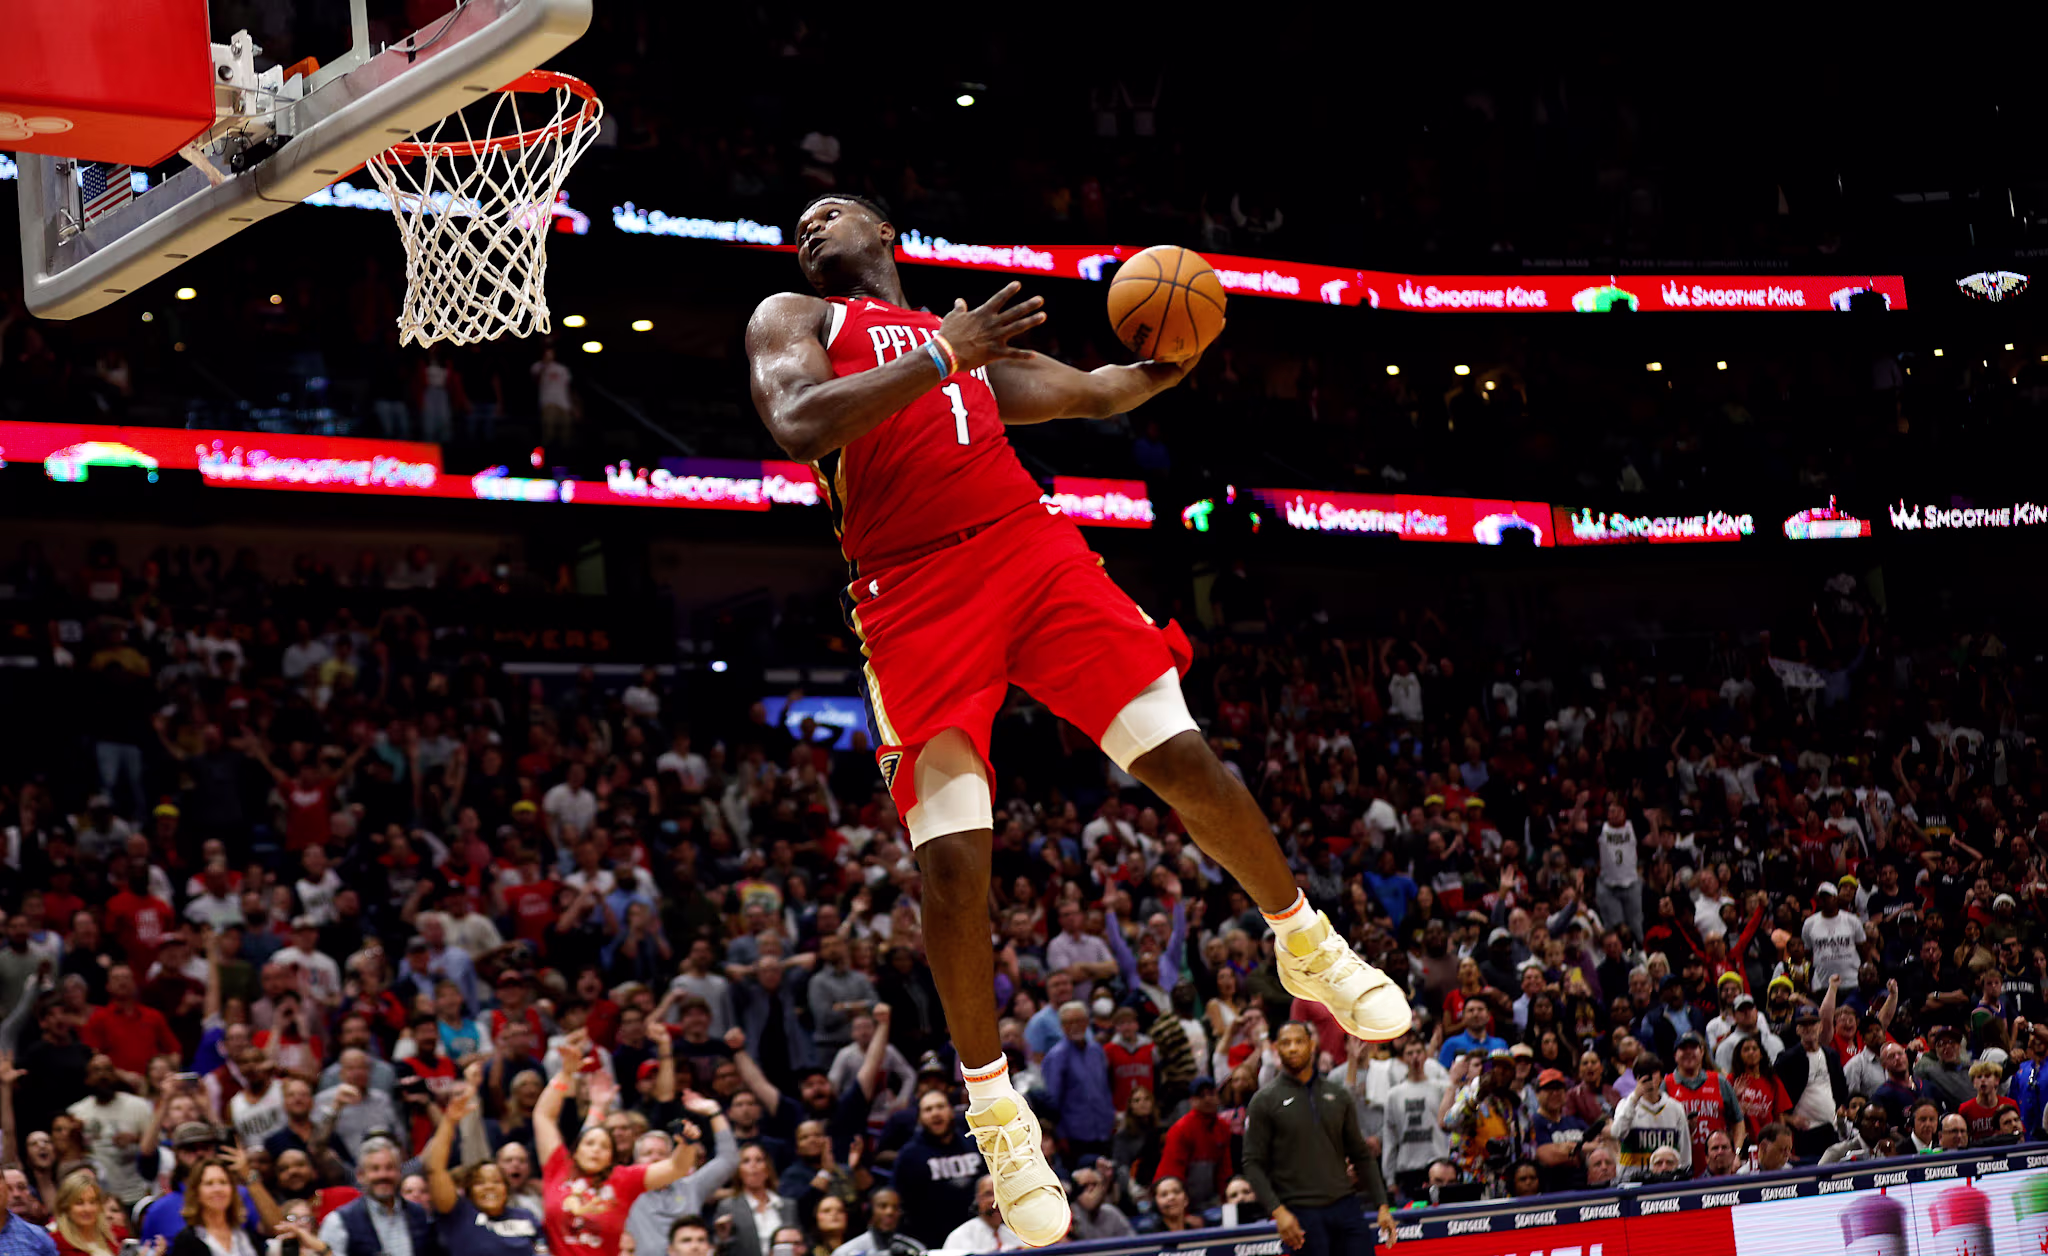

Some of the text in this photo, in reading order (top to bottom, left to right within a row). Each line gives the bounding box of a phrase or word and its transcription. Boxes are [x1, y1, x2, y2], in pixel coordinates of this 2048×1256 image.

[1424, 286, 1505, 308] SMOOTHIE
[1691, 285, 1767, 306] SMOOTHIE
[941, 382, 970, 445] 1
[1319, 502, 1405, 534] SMOOTHIE
[1610, 512, 1706, 538] SMOOTHIE
[1923, 504, 2011, 529] SMOOTHIE
[1925, 1165, 1958, 1180] SEATGEEK
[1976, 1159, 2009, 1175] SEATGEEK
[1819, 1178, 1854, 1194] SEATGEEK
[1874, 1170, 1908, 1187] SEATGEEK
[1702, 1191, 1740, 1209] SEATGEEK
[1761, 1184, 1798, 1201] SEATGEEK
[1580, 1203, 1620, 1221] SEATGEEK
[1641, 1197, 1680, 1215] SEATGEEK
[1448, 1217, 1491, 1235] SEATGEEK
[1515, 1210, 1557, 1228] SEATGEEK
━━━━━━━━━━━━━━━━━━━━━━━━━━━━━━
The records must come back exactly, with their pictures removed.

### EXERCISE RESPONSE:
Some of the text in this photo, in reading order (top to bottom, left to right within a row). Each line gives the bounding box of a phrase or word and its transcription. Boxes are [x1, y1, x2, y2], in pixel coordinates of this 2048×1256 image.

[1424, 286, 1505, 308] SMOOTHIE
[1691, 285, 1767, 306] SMOOTHIE
[941, 382, 970, 445] 1
[1319, 502, 1405, 534] SMOOTHIE
[1610, 512, 1706, 538] SMOOTHIE
[1923, 504, 2011, 529] SMOOTHIE
[1925, 1165, 1958, 1180] SEATGEEK
[1976, 1159, 2009, 1175] SEATGEEK
[1819, 1178, 1854, 1194] SEATGEEK
[1874, 1170, 1908, 1187] SEATGEEK
[1702, 1191, 1740, 1209] SEATGEEK
[1761, 1184, 1798, 1201] SEATGEEK
[1580, 1203, 1620, 1221] SEATGEEK
[1641, 1197, 1680, 1215] SEATGEEK
[1448, 1217, 1491, 1235] SEATGEEK
[1515, 1210, 1557, 1228] SEATGEEK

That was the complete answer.